Welcome to CoMPaseD
CoMPaseD - Comparison of Multiple Protease Digestions
Purpose
CoMPaseD is a computational tool designed to assist in the selection of optimal protease combinations for the analysis of small proteins in bacterial proteomes.
Recent studies on Methanosarcina mazei [KCB+21] and Bacillus subtilis [BVS+20] have demonstrated that the use of multiple proteases enhances both, sequence coverage and the number of detected small proteins compared to trypsin digestion alone. However, selecting the most suitable combination often relies on empirical knowledge or extensive experimental trials. CoMPaseD addresses this challenge through a Monte Carlo simulation-based approach that models a typical bottom-up proteomics workflow, including digestion, semi-random peptide selection in the mass spectrometer, and protein inference from identified peptides. It then predicts a protease score that objectively evaluates the effectiveness of different digestion strategies.
While particularly useful for studying small proteins, CoMPaseD can also be applied to other sub-proteomes, such as those defined by protein localisation, biochemical properties, or functional categories.
Quick Start
If CoMPaseD is not installed on your system please refer to Setup.

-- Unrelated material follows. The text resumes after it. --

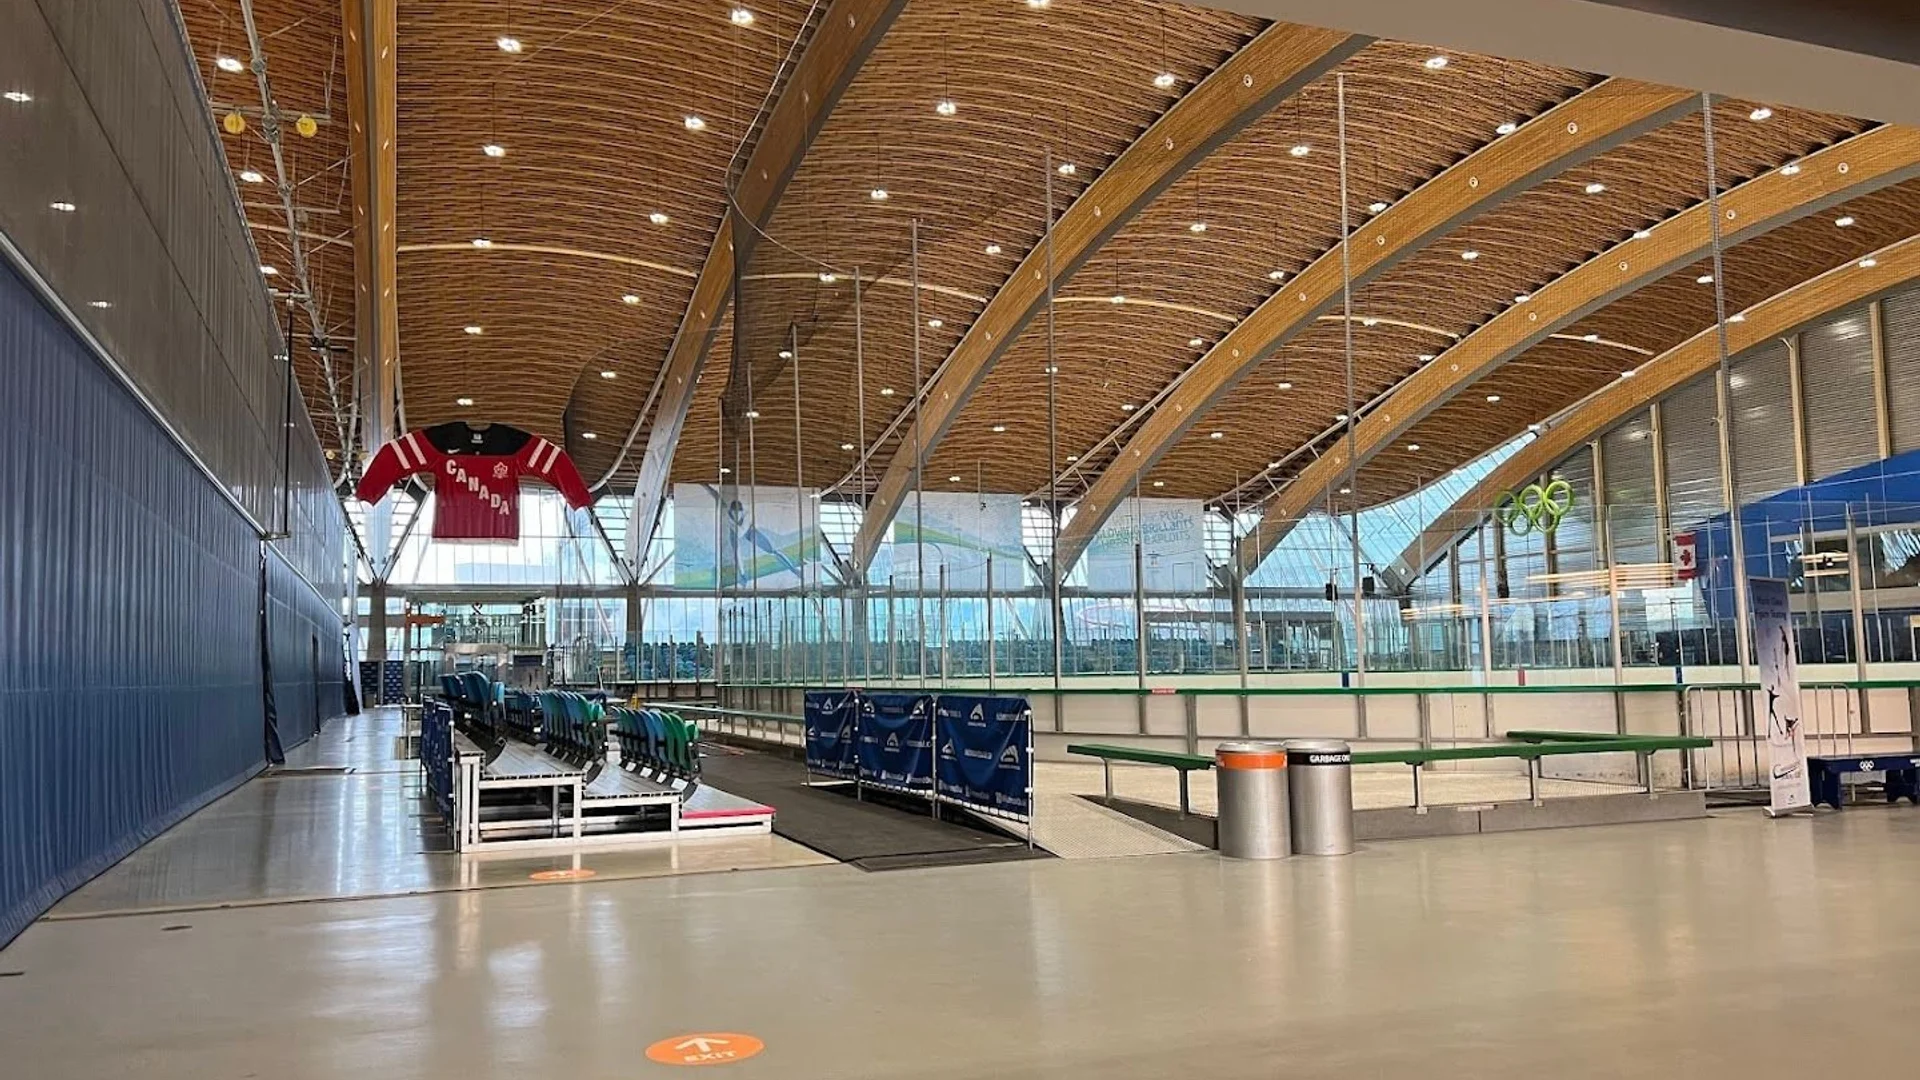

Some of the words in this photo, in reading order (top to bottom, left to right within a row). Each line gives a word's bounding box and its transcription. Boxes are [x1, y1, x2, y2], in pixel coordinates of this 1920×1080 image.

[446, 459, 510, 515] CANADA
[1309, 754, 1342, 763] GARBAGE
[684, 1051, 737, 1062] EXIT
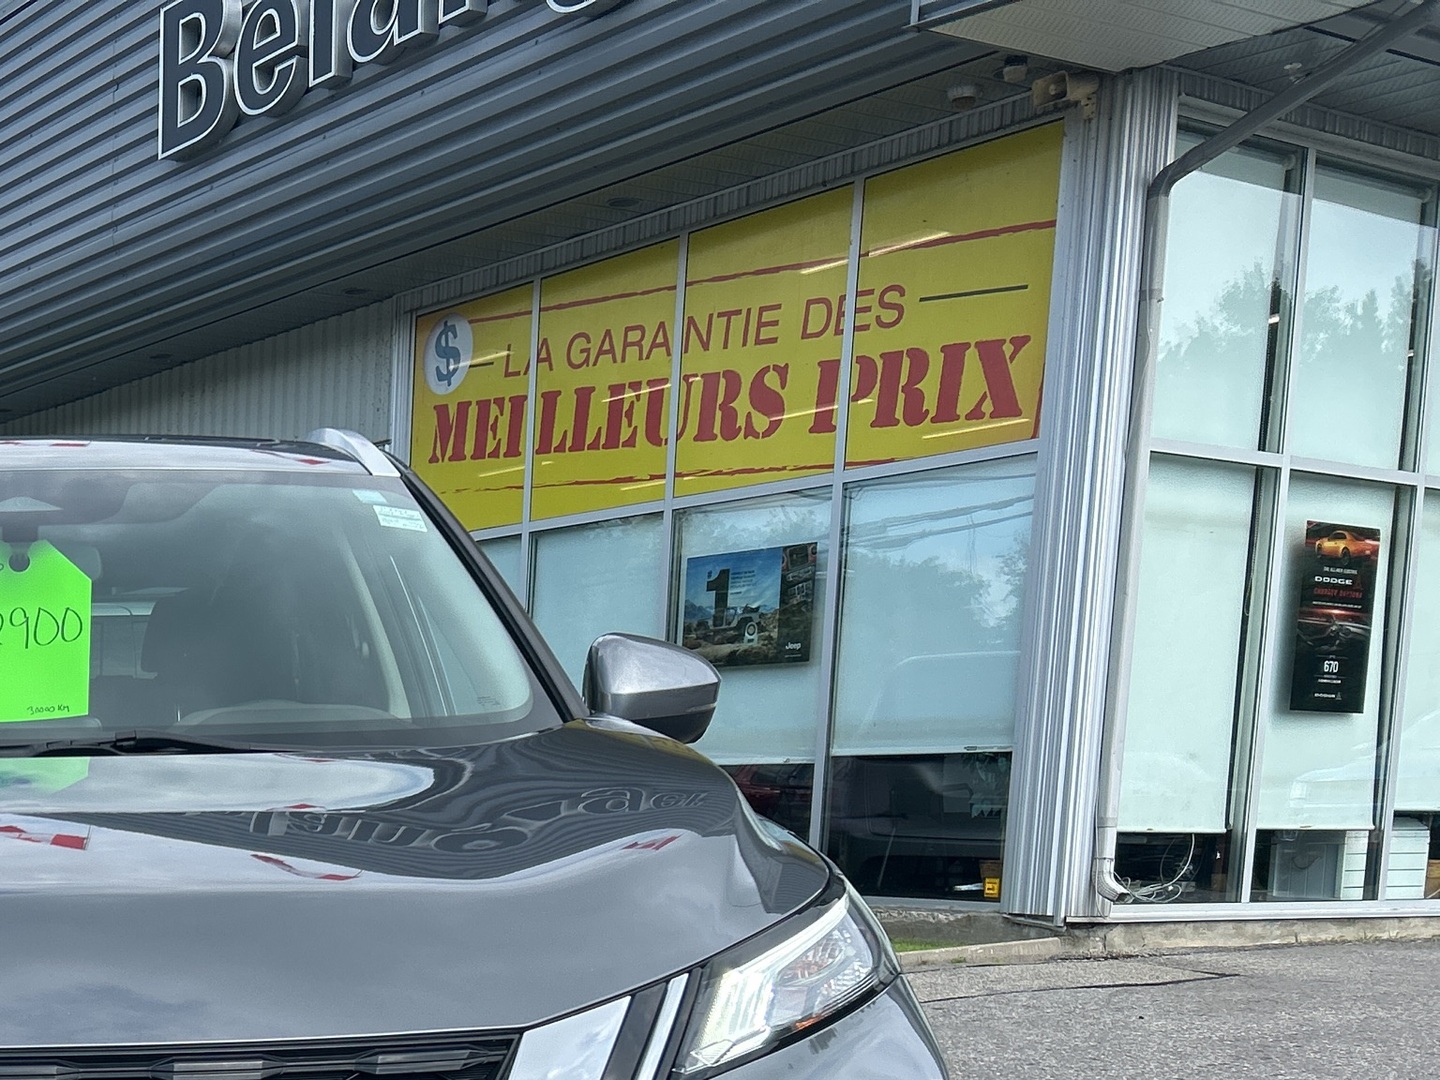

CoMPaseD provides both, a command-line interface (CLI), and a graphical user interface (GUI).
Note
The following command-line calls might slightly differ depending on your python setup.
For most applications the GUI is the preferred option. It can be started by running the CoMPaseD_gui.py command:
python CoMPaseD_gui.py
To start an analysis via the CLI, the CoMPaseD_cli.py command must be called together with a parameter file:
python CoMPaseD_cli.py -p path/to/parameters.params
The content of the parameter file is described in the Parameter File reference.
Information on further command-line arguments can be found in the Command-line Interface reference.
Limitations
Do not use CoMPaseD if you would like to identify an individual protein rather than a sub-proteome.
Simulating real data based on actual protein abundance values needs still a lot of testing and parameter optimisation.
Usage of extremely large replicate numbers for random sampling (several hundreds) is not recommended due to memory issues.
Citation
The accompanying manuscript is currently under preparation.